─── Task inputs ───

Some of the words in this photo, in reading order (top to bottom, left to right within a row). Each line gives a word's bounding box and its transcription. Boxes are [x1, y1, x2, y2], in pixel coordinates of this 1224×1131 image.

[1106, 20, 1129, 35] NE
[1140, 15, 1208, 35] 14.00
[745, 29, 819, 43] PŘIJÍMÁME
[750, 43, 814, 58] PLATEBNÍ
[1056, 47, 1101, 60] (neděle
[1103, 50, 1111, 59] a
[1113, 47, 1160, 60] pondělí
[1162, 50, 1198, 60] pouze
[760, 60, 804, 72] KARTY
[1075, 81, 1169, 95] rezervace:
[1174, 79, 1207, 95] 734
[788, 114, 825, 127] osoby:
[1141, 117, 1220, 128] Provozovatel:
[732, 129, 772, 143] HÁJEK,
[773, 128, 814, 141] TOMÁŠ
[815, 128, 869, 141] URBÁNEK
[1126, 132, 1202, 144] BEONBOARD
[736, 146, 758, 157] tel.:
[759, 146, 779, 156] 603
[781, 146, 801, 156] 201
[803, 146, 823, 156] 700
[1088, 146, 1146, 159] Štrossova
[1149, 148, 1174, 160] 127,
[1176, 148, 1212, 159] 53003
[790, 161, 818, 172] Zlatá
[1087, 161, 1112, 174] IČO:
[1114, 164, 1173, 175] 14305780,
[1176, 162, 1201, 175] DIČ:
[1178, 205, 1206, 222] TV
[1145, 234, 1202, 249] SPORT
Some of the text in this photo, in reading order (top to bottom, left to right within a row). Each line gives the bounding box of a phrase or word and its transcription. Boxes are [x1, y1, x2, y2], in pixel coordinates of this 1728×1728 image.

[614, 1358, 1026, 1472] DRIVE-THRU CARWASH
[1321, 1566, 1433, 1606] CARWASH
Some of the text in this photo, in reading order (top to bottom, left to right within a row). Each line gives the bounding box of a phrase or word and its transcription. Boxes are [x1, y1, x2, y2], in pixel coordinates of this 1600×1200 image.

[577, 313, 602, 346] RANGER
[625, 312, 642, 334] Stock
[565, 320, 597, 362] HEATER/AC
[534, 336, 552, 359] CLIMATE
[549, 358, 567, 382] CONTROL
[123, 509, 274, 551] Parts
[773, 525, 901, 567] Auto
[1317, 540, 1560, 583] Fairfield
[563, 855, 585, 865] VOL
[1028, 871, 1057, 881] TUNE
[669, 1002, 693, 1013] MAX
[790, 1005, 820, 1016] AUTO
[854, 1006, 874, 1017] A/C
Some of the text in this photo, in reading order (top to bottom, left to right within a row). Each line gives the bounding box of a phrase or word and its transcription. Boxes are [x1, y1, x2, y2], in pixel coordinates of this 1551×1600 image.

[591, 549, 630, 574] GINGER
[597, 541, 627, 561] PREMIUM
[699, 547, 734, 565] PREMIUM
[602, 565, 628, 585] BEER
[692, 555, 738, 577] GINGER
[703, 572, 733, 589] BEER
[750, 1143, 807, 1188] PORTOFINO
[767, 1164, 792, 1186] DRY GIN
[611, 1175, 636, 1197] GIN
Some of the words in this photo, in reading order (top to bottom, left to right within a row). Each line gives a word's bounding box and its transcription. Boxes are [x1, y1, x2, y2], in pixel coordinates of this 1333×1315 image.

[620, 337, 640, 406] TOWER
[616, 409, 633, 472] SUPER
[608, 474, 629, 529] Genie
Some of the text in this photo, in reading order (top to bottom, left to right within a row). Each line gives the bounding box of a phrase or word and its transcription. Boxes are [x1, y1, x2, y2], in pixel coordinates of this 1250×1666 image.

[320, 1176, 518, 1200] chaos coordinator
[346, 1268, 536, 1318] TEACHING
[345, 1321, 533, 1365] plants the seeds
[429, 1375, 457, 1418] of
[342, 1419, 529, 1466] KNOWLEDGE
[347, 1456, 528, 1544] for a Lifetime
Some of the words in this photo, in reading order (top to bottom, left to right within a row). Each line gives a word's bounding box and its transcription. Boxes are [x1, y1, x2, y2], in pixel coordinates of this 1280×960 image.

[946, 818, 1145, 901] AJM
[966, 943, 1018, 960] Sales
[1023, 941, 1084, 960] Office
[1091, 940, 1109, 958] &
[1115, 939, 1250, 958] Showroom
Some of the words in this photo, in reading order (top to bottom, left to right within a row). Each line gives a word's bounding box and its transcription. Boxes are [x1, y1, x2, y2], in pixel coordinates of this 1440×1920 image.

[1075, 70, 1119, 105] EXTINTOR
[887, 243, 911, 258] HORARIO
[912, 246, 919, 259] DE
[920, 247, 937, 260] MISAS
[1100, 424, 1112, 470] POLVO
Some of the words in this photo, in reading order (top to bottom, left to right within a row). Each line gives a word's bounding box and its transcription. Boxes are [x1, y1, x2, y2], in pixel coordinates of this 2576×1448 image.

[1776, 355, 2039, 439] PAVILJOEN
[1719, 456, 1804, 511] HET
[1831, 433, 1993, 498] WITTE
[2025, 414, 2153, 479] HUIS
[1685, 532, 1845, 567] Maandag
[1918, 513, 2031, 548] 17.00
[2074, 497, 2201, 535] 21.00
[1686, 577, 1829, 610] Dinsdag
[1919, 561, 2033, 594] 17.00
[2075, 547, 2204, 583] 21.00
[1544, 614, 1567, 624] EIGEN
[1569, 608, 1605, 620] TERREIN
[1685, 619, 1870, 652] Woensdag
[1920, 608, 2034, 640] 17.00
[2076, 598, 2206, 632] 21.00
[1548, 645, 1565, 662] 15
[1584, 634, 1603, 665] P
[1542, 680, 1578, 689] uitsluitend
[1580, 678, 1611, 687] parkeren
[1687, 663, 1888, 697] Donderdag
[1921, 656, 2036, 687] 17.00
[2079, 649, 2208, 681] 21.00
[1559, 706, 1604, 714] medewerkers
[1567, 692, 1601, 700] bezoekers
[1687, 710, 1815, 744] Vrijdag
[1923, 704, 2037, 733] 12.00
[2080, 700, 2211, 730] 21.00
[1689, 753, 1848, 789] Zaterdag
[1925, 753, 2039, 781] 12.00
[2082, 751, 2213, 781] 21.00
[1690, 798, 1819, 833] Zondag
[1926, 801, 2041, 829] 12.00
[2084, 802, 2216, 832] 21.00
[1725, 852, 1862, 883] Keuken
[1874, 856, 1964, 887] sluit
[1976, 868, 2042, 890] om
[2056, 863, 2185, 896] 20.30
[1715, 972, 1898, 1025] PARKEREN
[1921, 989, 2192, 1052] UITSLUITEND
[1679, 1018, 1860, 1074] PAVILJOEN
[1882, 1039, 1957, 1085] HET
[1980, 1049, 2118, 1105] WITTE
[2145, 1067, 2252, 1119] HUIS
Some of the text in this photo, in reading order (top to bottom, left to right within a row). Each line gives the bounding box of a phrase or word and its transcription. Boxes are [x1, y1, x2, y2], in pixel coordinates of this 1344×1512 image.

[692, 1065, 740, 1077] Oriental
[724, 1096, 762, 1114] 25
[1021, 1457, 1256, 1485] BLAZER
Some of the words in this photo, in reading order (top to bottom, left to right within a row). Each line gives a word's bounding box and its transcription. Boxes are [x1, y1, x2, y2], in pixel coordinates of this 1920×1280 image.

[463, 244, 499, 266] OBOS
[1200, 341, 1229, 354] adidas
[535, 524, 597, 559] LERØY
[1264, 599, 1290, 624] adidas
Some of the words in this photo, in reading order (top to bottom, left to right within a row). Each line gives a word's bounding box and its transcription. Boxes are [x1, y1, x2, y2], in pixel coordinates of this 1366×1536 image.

───

| Description of the task |
Each entry above is to be set down again in exactly the same words.

| Response area |
Some of the words in this photo, in reading order (top to bottom, left to right within a row). Each line gives a word's bounding box and its transcription. Boxes are [x1, y1, x2, y2], in pixel coordinates of this 1224×1131 image.

[1106, 20, 1129, 35] NE
[1140, 15, 1208, 35] 14.00
[745, 29, 819, 43] PŘIJÍMÁME
[750, 43, 814, 58] PLATEBNÍ
[1056, 47, 1101, 60] (neděle
[1103, 50, 1111, 59] a
[1113, 47, 1160, 60] pondělí
[1162, 50, 1198, 60] pouze
[760, 60, 804, 72] KARTY
[1075, 81, 1169, 95] rezervace:
[1174, 79, 1207, 95] 734
[788, 114, 825, 127] osoby:
[1141, 117, 1220, 128] Provozovatel:
[732, 129, 772, 143] HÁJEK,
[773, 128, 814, 141] TOMÁŠ
[815, 128, 869, 141] URBÁNEK
[1126, 132, 1202, 144] BEONBOARD
[736, 146, 758, 157] tel.:
[759, 146, 779, 156] 603
[781, 146, 801, 156] 201
[803, 146, 823, 156] 700
[1088, 146, 1146, 159] Štrossova
[1149, 148, 1174, 160] 127,
[1176, 148, 1212, 159] 53003
[790, 161, 818, 172] Zlatá
[1087, 161, 1112, 174] IČO:
[1114, 164, 1173, 175] 14305780,
[1176, 162, 1201, 175] DIČ:
[1178, 205, 1206, 222] TV
[1145, 234, 1202, 249] SPORT
Some of the text in this photo, in reading order (top to bottom, left to right within a row). Each line gives the bounding box of a phrase or word and its transcription. Boxes are [x1, y1, x2, y2], in pixel coordinates of this 1728×1728 image.

[614, 1358, 1026, 1472] DRIVE-THRU CARWASH
[1321, 1566, 1433, 1606] CARWASH
Some of the text in this photo, in reading order (top to bottom, left to right within a row). Each line gives the bounding box of a phrase or word and its transcription. Boxes are [x1, y1, x2, y2], in pixel coordinates of this 1600×1200 image.

[577, 313, 602, 346] RANGER
[625, 312, 642, 334] Stock
[565, 320, 597, 362] HEATER/AC
[534, 336, 552, 359] CLIMATE
[549, 358, 567, 382] CONTROL
[123, 509, 274, 551] Parts
[773, 525, 901, 567] Auto
[1317, 540, 1560, 583] Fairfield
[563, 855, 585, 865] VOL
[1028, 871, 1057, 881] TUNE
[669, 1002, 693, 1013] MAX
[790, 1005, 820, 1016] AUTO
[854, 1006, 874, 1017] A/C
Some of the text in this photo, in reading order (top to bottom, left to right within a row). Each line gives the bounding box of a phrase or word and its transcription. Boxes are [x1, y1, x2, y2], in pixel coordinates of this 1551×1600 image.

[591, 549, 630, 574] GINGER
[597, 541, 627, 561] PREMIUM
[699, 547, 734, 565] PREMIUM
[602, 565, 628, 585] BEER
[692, 555, 738, 577] GINGER
[703, 572, 733, 589] BEER
[750, 1143, 807, 1188] PORTOFINO
[767, 1164, 792, 1186] DRY GIN
[611, 1175, 636, 1197] GIN
Some of the words in this photo, in reading order (top to bottom, left to right within a row). Each line gives a word's bounding box and its transcription. Boxes are [x1, y1, x2, y2], in pixel coordinates of this 1333×1315 image.

[620, 337, 640, 406] TOWER
[616, 409, 633, 472] SUPER
[608, 474, 629, 529] Genie
Some of the text in this photo, in reading order (top to bottom, left to right within a row). Each line gives the bounding box of a phrase or word and its transcription. Boxes are [x1, y1, x2, y2], in pixel coordinates of this 1250×1666 image.

[320, 1176, 518, 1200] chaos coordinator
[346, 1268, 536, 1318] TEACHING
[345, 1321, 533, 1365] plants the seeds
[429, 1375, 457, 1418] of
[342, 1419, 529, 1466] KNOWLEDGE
[347, 1456, 528, 1544] for a Lifetime
Some of the words in this photo, in reading order (top to bottom, left to right within a row). Each line gives a word's bounding box and its transcription. Boxes are [x1, y1, x2, y2], in pixel coordinates of this 1280×960 image.

[946, 818, 1145, 901] AJM
[966, 943, 1018, 960] Sales
[1023, 941, 1084, 960] Office
[1091, 940, 1109, 958] &
[1115, 939, 1250, 958] Showroom
Some of the words in this photo, in reading order (top to bottom, left to right within a row). Each line gives a word's bounding box and its transcription. Boxes are [x1, y1, x2, y2], in pixel coordinates of this 1440×1920 image.

[1075, 70, 1119, 105] EXTINTOR
[887, 243, 911, 258] HORARIO
[912, 246, 919, 259] DE
[920, 247, 937, 260] MISAS
[1100, 424, 1112, 470] POLVO
Some of the words in this photo, in reading order (top to bottom, left to right within a row). Each line gives a word's bounding box and its transcription. Boxes are [x1, y1, x2, y2], in pixel coordinates of this 2576×1448 image.

[1776, 355, 2039, 439] PAVILJOEN
[1719, 456, 1804, 511] HET
[1831, 433, 1993, 498] WITTE
[2025, 414, 2153, 479] HUIS
[1685, 532, 1845, 567] Maandag
[1918, 513, 2031, 548] 17.00
[2074, 497, 2201, 535] 21.00
[1686, 577, 1829, 610] Dinsdag
[1919, 561, 2033, 594] 17.00
[2075, 547, 2204, 583] 21.00
[1544, 614, 1567, 624] EIGEN
[1569, 608, 1605, 620] TERREIN
[1685, 619, 1870, 652] Woensdag
[1920, 608, 2034, 640] 17.00
[2076, 598, 2206, 632] 21.00
[1548, 645, 1565, 662] 15
[1584, 634, 1603, 665] P
[1542, 680, 1578, 689] uitsluitend
[1580, 678, 1611, 687] parkeren
[1687, 663, 1888, 697] Donderdag
[1921, 656, 2036, 687] 17.00
[2079, 649, 2208, 681] 21.00
[1559, 706, 1604, 714] medewerkers
[1567, 692, 1601, 700] bezoekers
[1687, 710, 1815, 744] Vrijdag
[1923, 704, 2037, 733] 12.00
[2080, 700, 2211, 730] 21.00
[1689, 753, 1848, 789] Zaterdag
[1925, 753, 2039, 781] 12.00
[2082, 751, 2213, 781] 21.00
[1690, 798, 1819, 833] Zondag
[1926, 801, 2041, 829] 12.00
[2084, 802, 2216, 832] 21.00
[1725, 852, 1862, 883] Keuken
[1874, 856, 1964, 887] sluit
[1976, 868, 2042, 890] om
[2056, 863, 2185, 896] 20.30
[1715, 972, 1898, 1025] PARKEREN
[1921, 989, 2192, 1052] UITSLUITEND
[1679, 1018, 1860, 1074] PAVILJOEN
[1882, 1039, 1957, 1085] HET
[1980, 1049, 2118, 1105] WITTE
[2145, 1067, 2252, 1119] HUIS
Some of the text in this photo, in reading order (top to bottom, left to right within a row). Each line gives the bounding box of a phrase or word and its transcription. Boxes are [x1, y1, x2, y2], in pixel coordinates of this 1344×1512 image.

[692, 1065, 740, 1077] Oriental
[724, 1096, 762, 1114] 25
[1021, 1457, 1256, 1485] BLAZER
Some of the words in this photo, in reading order (top to bottom, left to right within a row). Each line gives a word's bounding box and its transcription. Boxes are [x1, y1, x2, y2], in pixel coordinates of this 1920×1280 image.

[463, 244, 499, 266] OBOS
[1200, 341, 1229, 354] adidas
[535, 524, 597, 559] LERØY
[1264, 599, 1290, 624] adidas
Some of the words in this photo, in reading order (top to bottom, left to right within a row). Each line gives a word's bounding box and its transcription. Boxes are [x1, y1, x2, y2], in pixel coordinates of this 1366×1536 image.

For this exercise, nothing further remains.